→ **Work task**:
Leaving out all pictures, retype the records exactly.

Material provided Start Marker

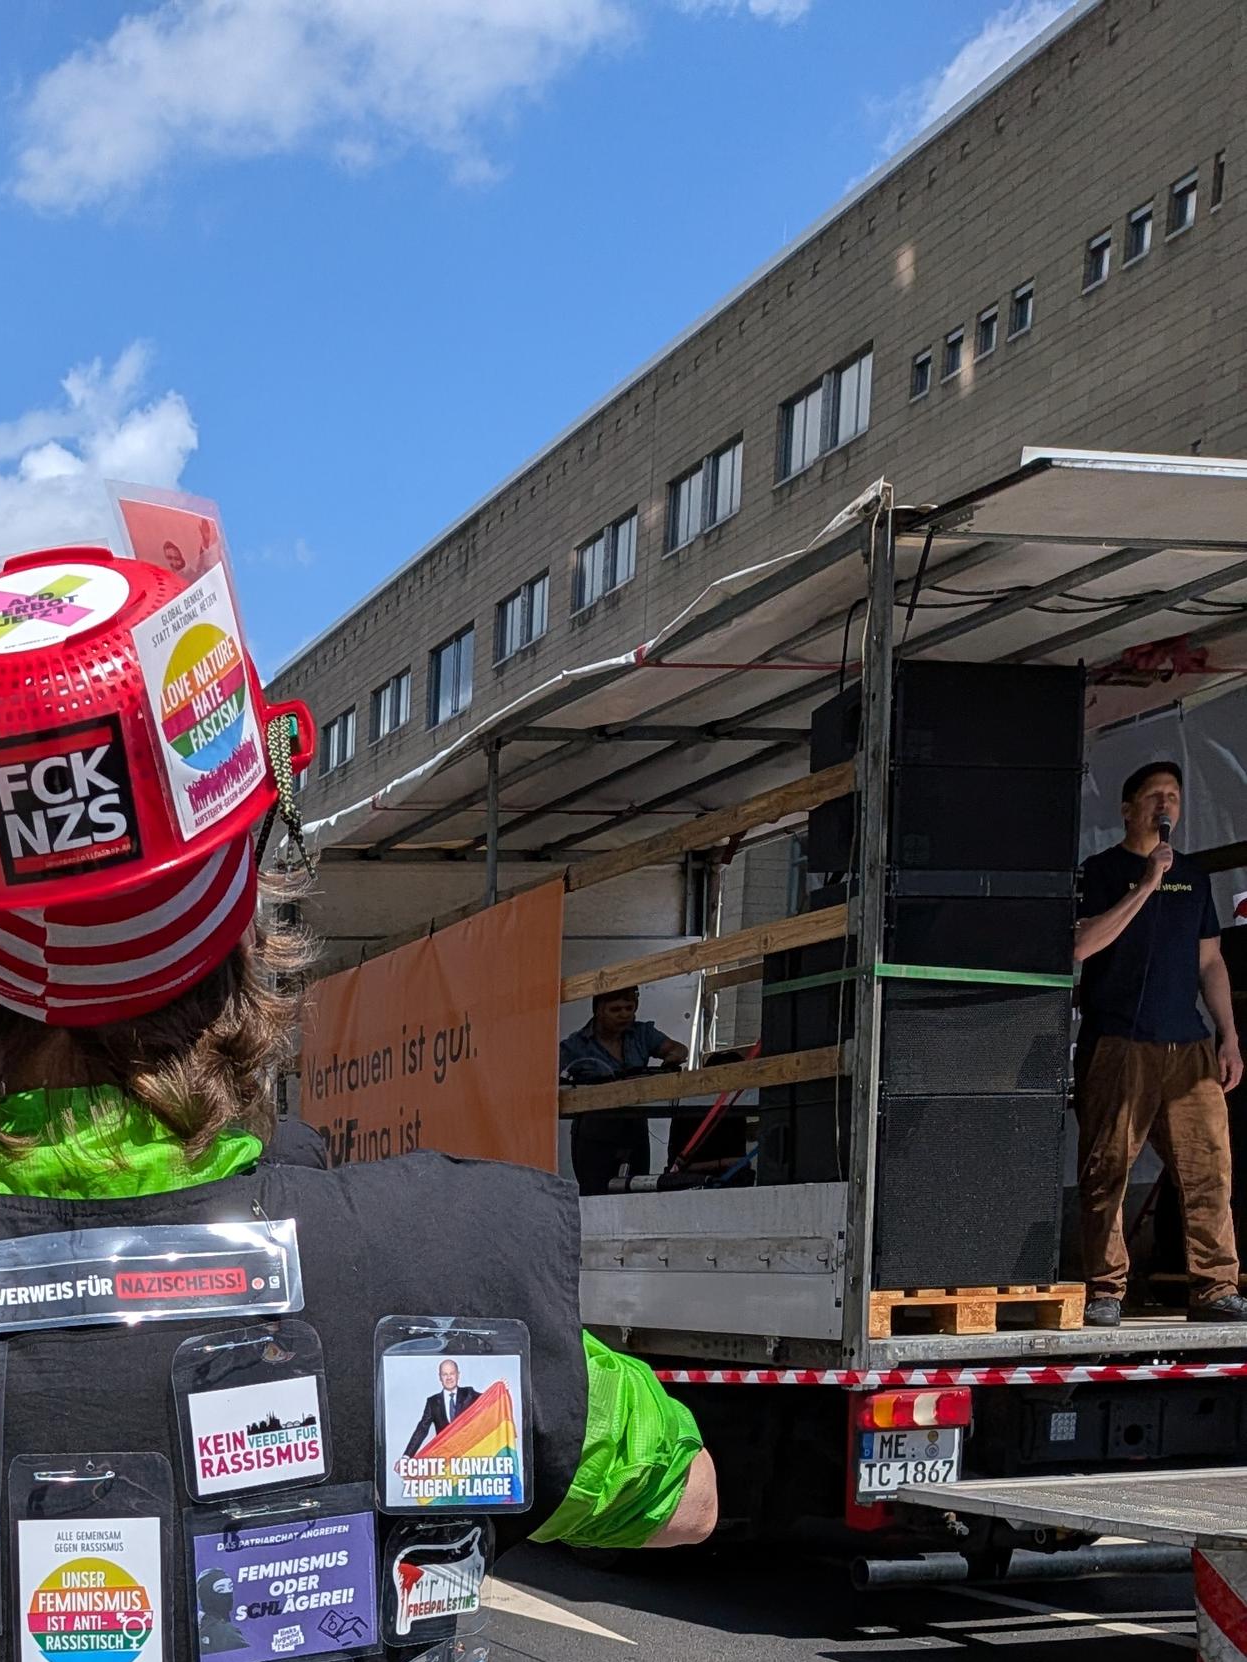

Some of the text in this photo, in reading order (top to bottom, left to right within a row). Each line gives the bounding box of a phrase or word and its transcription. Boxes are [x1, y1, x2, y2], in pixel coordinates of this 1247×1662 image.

[161, 635, 236, 713] LOVE NATURE
[192, 684, 224, 721] HATE
[189, 695, 239, 753] FASCISM
[4, 793, 127, 858] NZS
[307, 1011, 477, 1100] Vertrauen ist gut.
[399, 1106, 421, 1155] ist
[76, 1275, 113, 1297] FÜR
[121, 1272, 242, 1294] NAZISCHEISS!
[199, 1425, 318, 1457] KEIN VEEDEL FÜR
[880, 1434, 906, 1459] ME
[201, 1440, 320, 1479] RASSISMUS
[399, 1456, 514, 1477] ECHTE KANZLER
[865, 1460, 954, 1487] TC 1867
[402, 1477, 511, 1497] ZEIGEN FLAGGE
[55, 1543, 123, 1552] GEGEN RASSISMUS
[57, 1531, 121, 1540] ALLE GEMEINSAM
[217, 1524, 349, 1551] DAS PATRIARCHAT ANGREIFEN
[237, 1551, 349, 1582] FEMINISMUS
[62, 1572, 105, 1588] UNSER
[269, 1576, 319, 1596] ODER
[38, 1591, 141, 1612] FEMINISMUS
[47, 1615, 108, 1630] IST ANTI-
[46, 1635, 123, 1650] RASSISTISCH
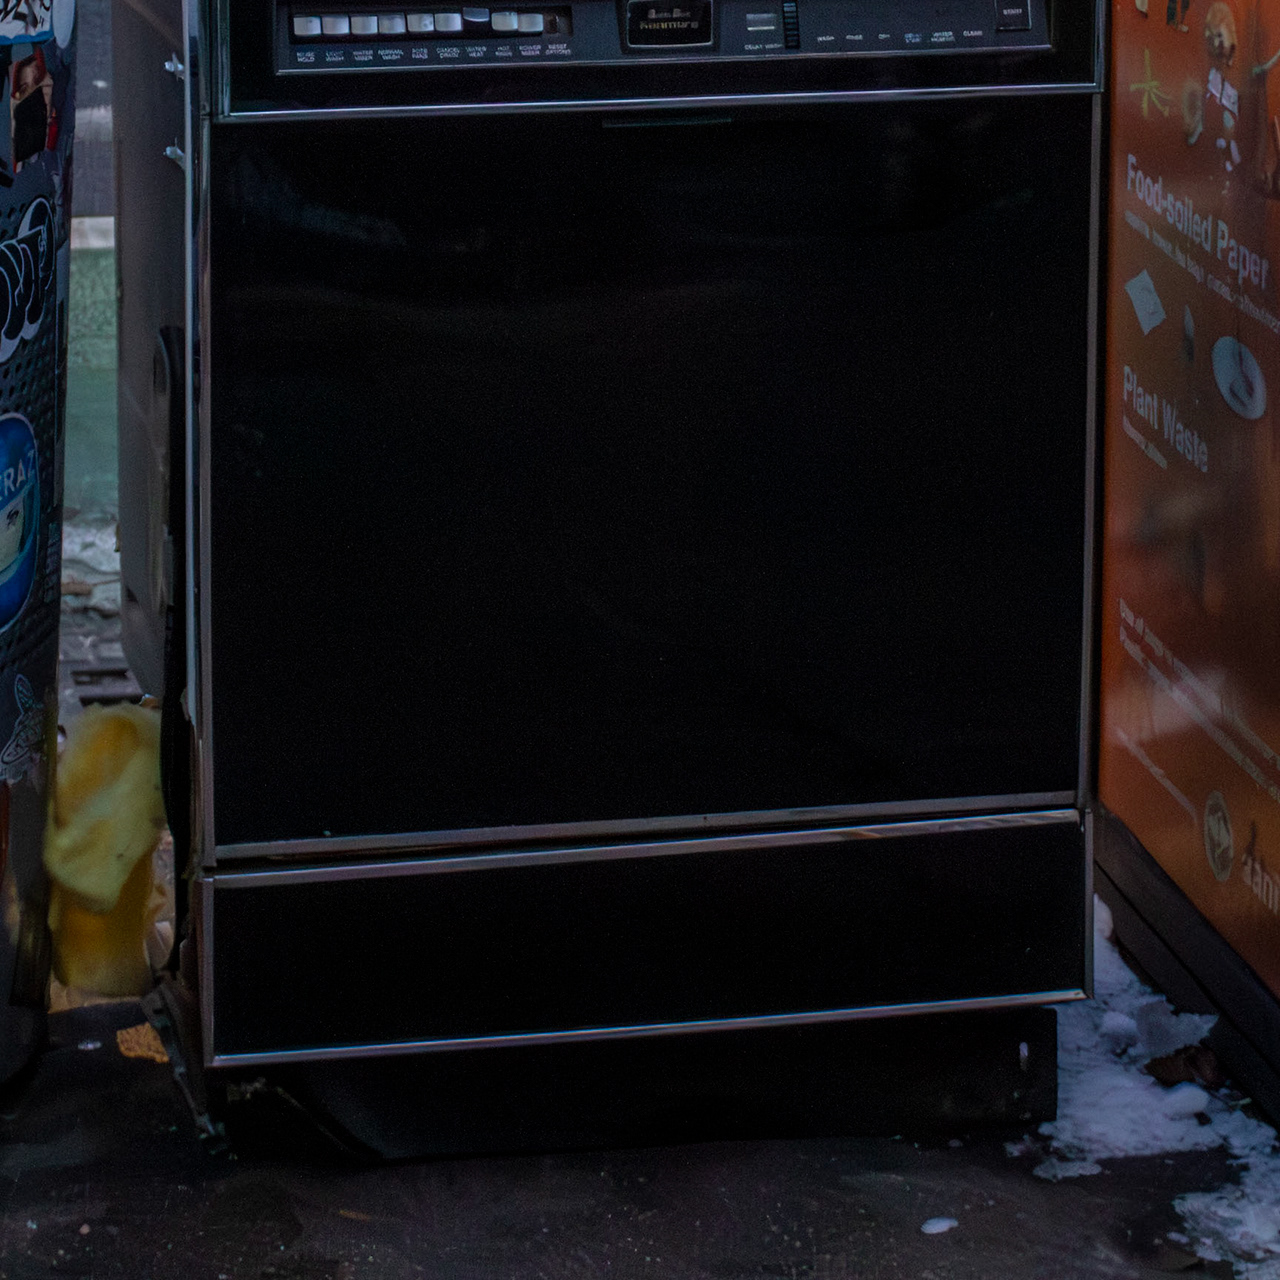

Material provided End Marker

→ **Exercise result**:
Some of the text in this photo, in reading order (top to bottom, left to right within a row). Each line gives the bounding box of a phrase or word and its transcription. Boxes are [x1, y1, x2, y2], in pixel coordinates of this 1247×1662 image.

[161, 635, 236, 713] LOVE NATURE
[192, 684, 224, 721] HATE
[189, 695, 239, 753] FASCISM
[4, 793, 127, 858] NZS
[307, 1011, 477, 1100] Vertrauen ist gut.
[399, 1106, 421, 1155] ist
[76, 1275, 113, 1297] FÜR
[121, 1272, 242, 1294] NAZISCHEISS!
[199, 1425, 318, 1457] KEIN VEEDEL FÜR
[880, 1434, 906, 1459] ME
[201, 1440, 320, 1479] RASSISMUS
[399, 1456, 514, 1477] ECHTE KANZLER
[865, 1460, 954, 1487] TC 1867
[402, 1477, 511, 1497] ZEIGEN FLAGGE
[55, 1543, 123, 1552] GEGEN RASSISMUS
[57, 1531, 121, 1540] ALLE GEMEINSAM
[217, 1524, 349, 1551] DAS PATRIARCHAT ANGREIFEN
[237, 1551, 349, 1582] FEMINISMUS
[62, 1572, 105, 1588] UNSER
[269, 1576, 319, 1596] ODER
[38, 1591, 141, 1612] FEMINISMUS
[47, 1615, 108, 1630] IST ANTI-
[46, 1635, 123, 1650] RASSISTISCH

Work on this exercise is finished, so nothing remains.